Introduction – Bailey Murray

Hello! I’m Bailey Murray and I’m a second-year student in the general History MA at American University. Originally I’m from Raleigh, North Carolina and I received my undergraduate degree from the University of North Carolina Wilmington. Surprisingly enough, my Bachelor’s is in Child Psychology and it wasn’t until a lengthy trip around Europe and Egypt that I decided that History was my real passion. While American University is not the Egyptology and Education degree I soon hope to pursue, it has been an important stepping stone on my ultimate journey as I have gained connections as well as a proper introduction to the Historical field that I missed out on with my science-based undergraduate degree.

Digital history is a subject that I have until now, placed on the back burner because I was blind to the possibilities that were staring me in the face. Simply signing up for a digital history class has allowed me insight into the potential of the digital age and how it affects the way we interact with history. Personally, one of my biggest hobbies is playing video games, and my favourite genre is any game that involves historical fiction – such as Assassins Creed: Origins which is set during Ptolemaic Egypt. Naturally, that means I’m most excited for the part in our class where we discuss gaming, but, as I’ve perused the syllabus several times now, I am also eager to expand my capabilities with resources that may come in handy in a classroom setting to keep students engaged and learning.

Beyond traveling to Egypt in 2019, I haven’t actually done very much in the historical field that doesn’t resemble tourism. I hope that American is the catalyst I needed to begin my time in the historical field and I am eager to see what the future holds! I suppose a bit more about me as a person before I sign off since we will be getting closer as a class over the semester. I love to play games as I said earlier and I believe my project proposal will have something to do with such though I haven’t pinned down my exact topic. I am also an avid reader (I am currently reading Moses and Monotheism by Sigmund Freud), I adore DnD and other roleplaying games, and my secret talent is hand embroidery though I dream of the day I can buy myself a machine to do it for me.

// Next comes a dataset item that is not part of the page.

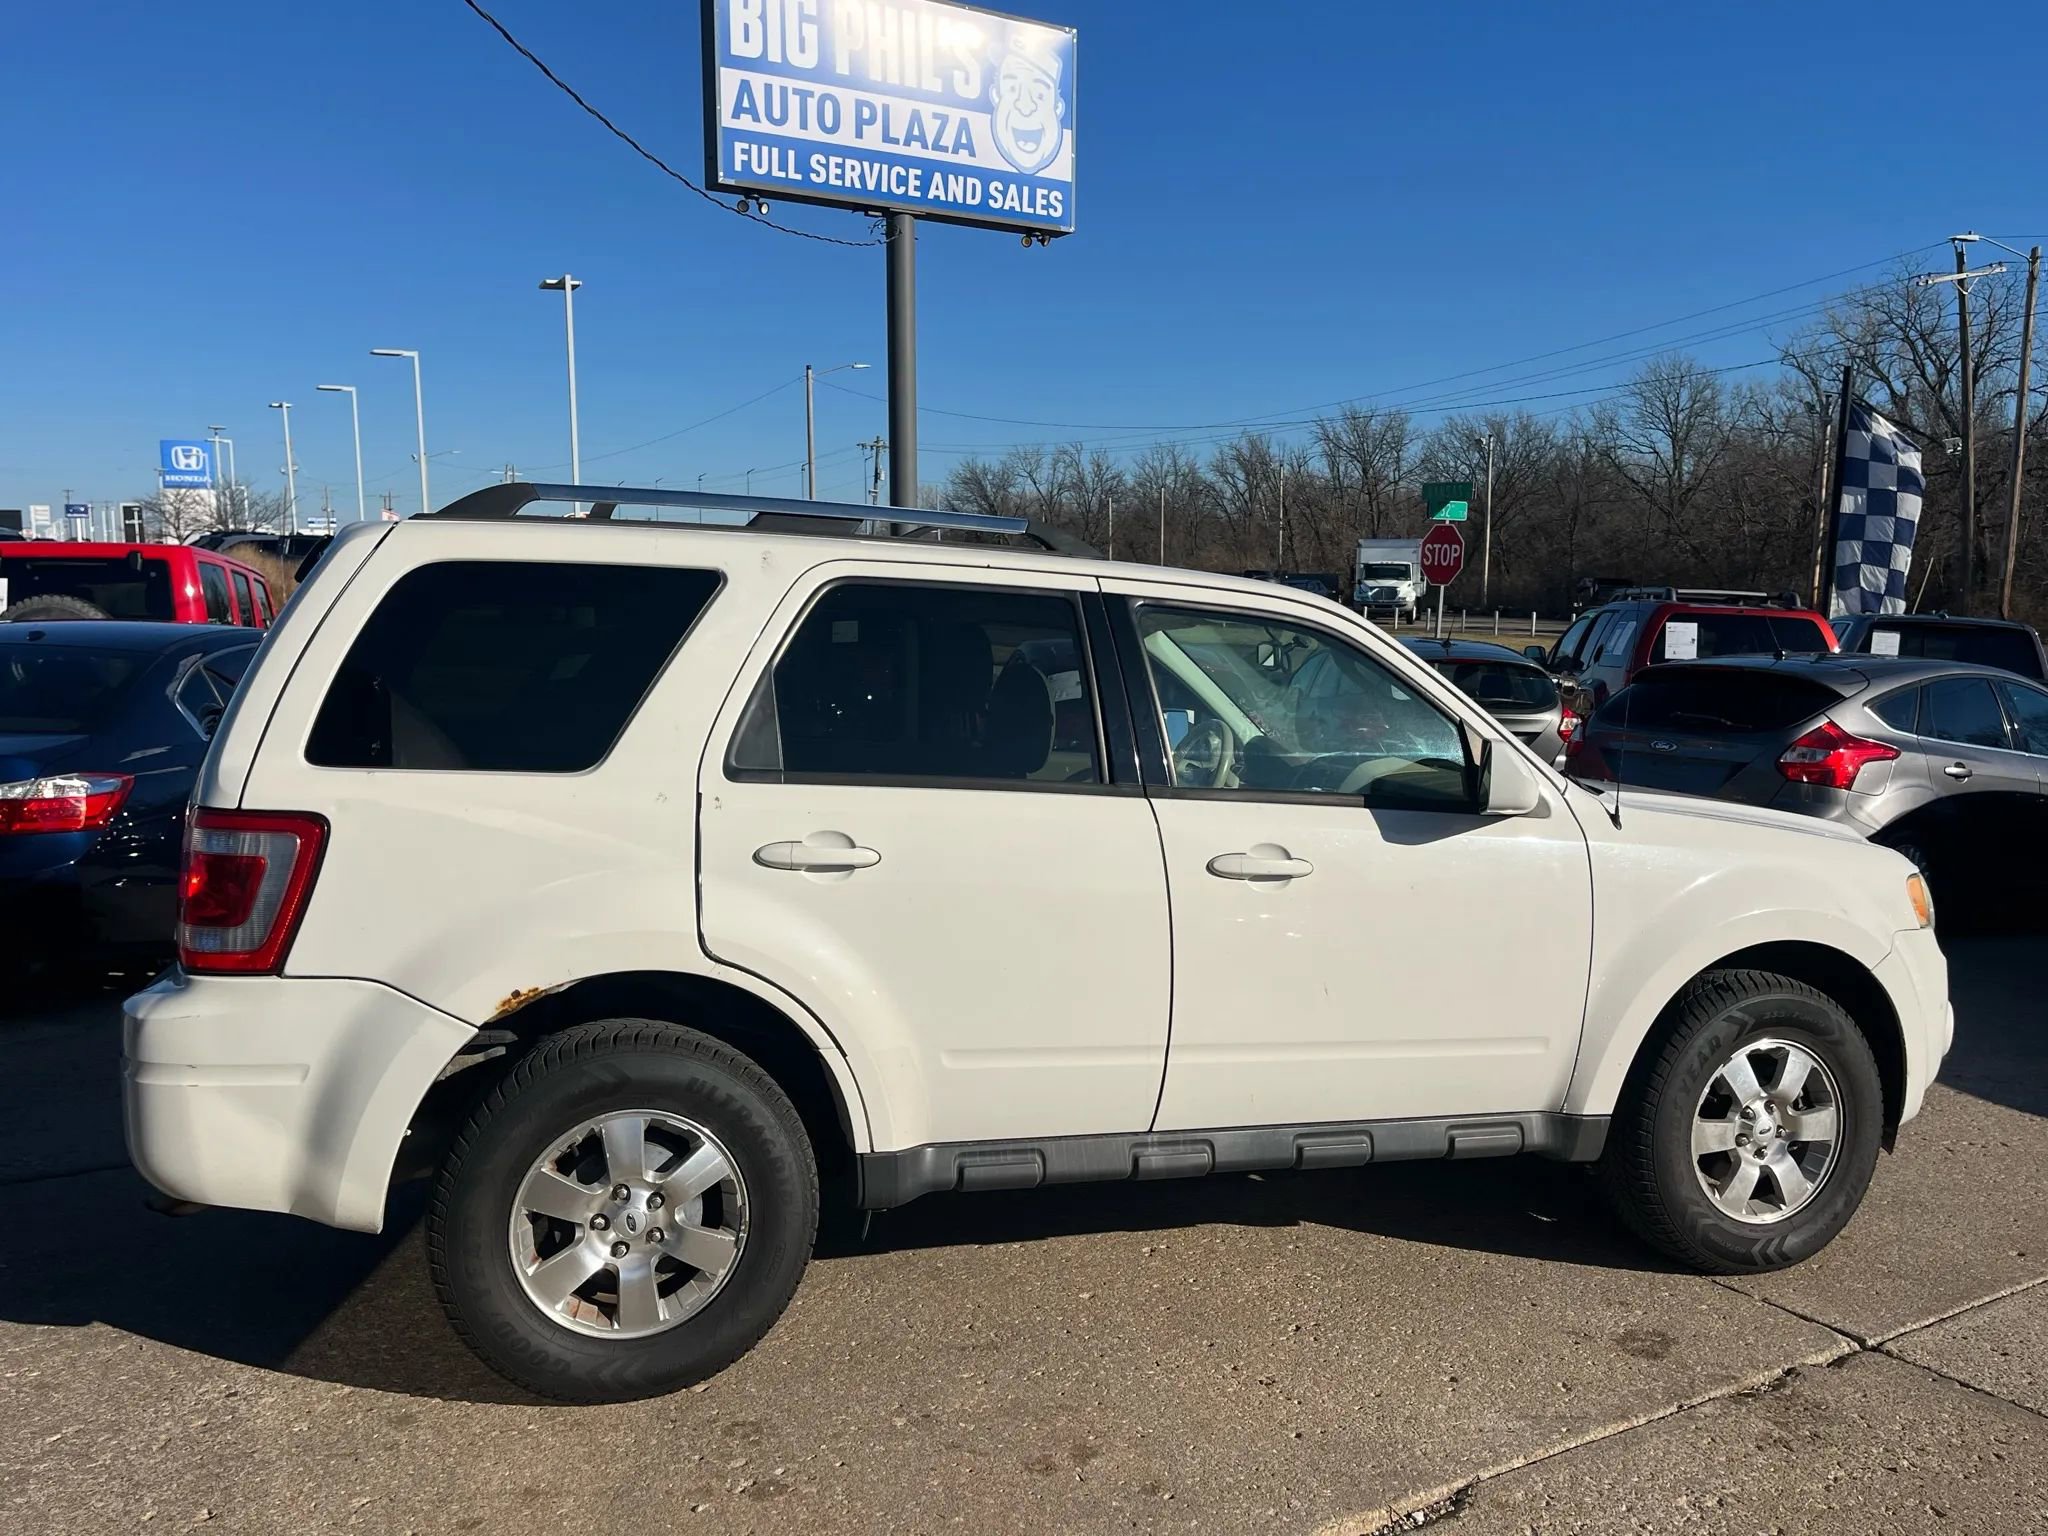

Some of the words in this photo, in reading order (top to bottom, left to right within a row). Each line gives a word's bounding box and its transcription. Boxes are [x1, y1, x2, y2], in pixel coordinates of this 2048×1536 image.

Introduction: Joshua Johnson

Hey everyone! My name is Joshua Johnson and I am a first year graduate student in the Public History MA program at American University. I was born and raised in the Bronx in New York City. I received my Bachelor’s degree from Cornell University in Africana Studies and Classics in May 2021. Throughout my undergraduate degree, I always found a way to focus my final assignments/ projects toward a general audience (this probably annoyed a lot of my professors). Early on during undergrad, I knew that I wanted to focus on history but specifically engaged with the public. I originally thought that the only way I could do this was as a curator. I tried to develop the skills that I thought every curator should have and that is when I stumbled upon the public history program here at American University. I hope to continue to build the skills I have developed while learning more about engaging history with public audiences.

Through my journey of developing curatorial skills, I found the digital humanities field. I had the chance to learn and practice computational methods to collect and analyze data. I was introduced to things such as character network maps, APIs, and topic modeling. I got to put these skills into use during a summer internship and you can see some of that work here! Essentially, I collected and analyzed data from Reddit. Our research was dedicated to understanding online reading communities, and how specific authors such as J.R.R. Tolkien and Philip Roth are discussed on the platform. I hope to continue learning about these skills in this course while exploring aspects I am less familiar with.

Overall, I am specifically interested in Afrofuturism, fashion curation, and digital humanities but my interests are truly wide ranging. My interests have led me to working on a number of cool projects like an archaeological dig in Pompeii, curating fashion exhibitions, and creating an online exhibition on the video game Assassins Creed Odyssey with Omeka. I am a science fiction nerd, athlete, gamer, and a fan of the NBA. I am excited to get to know and work with everyone in this course!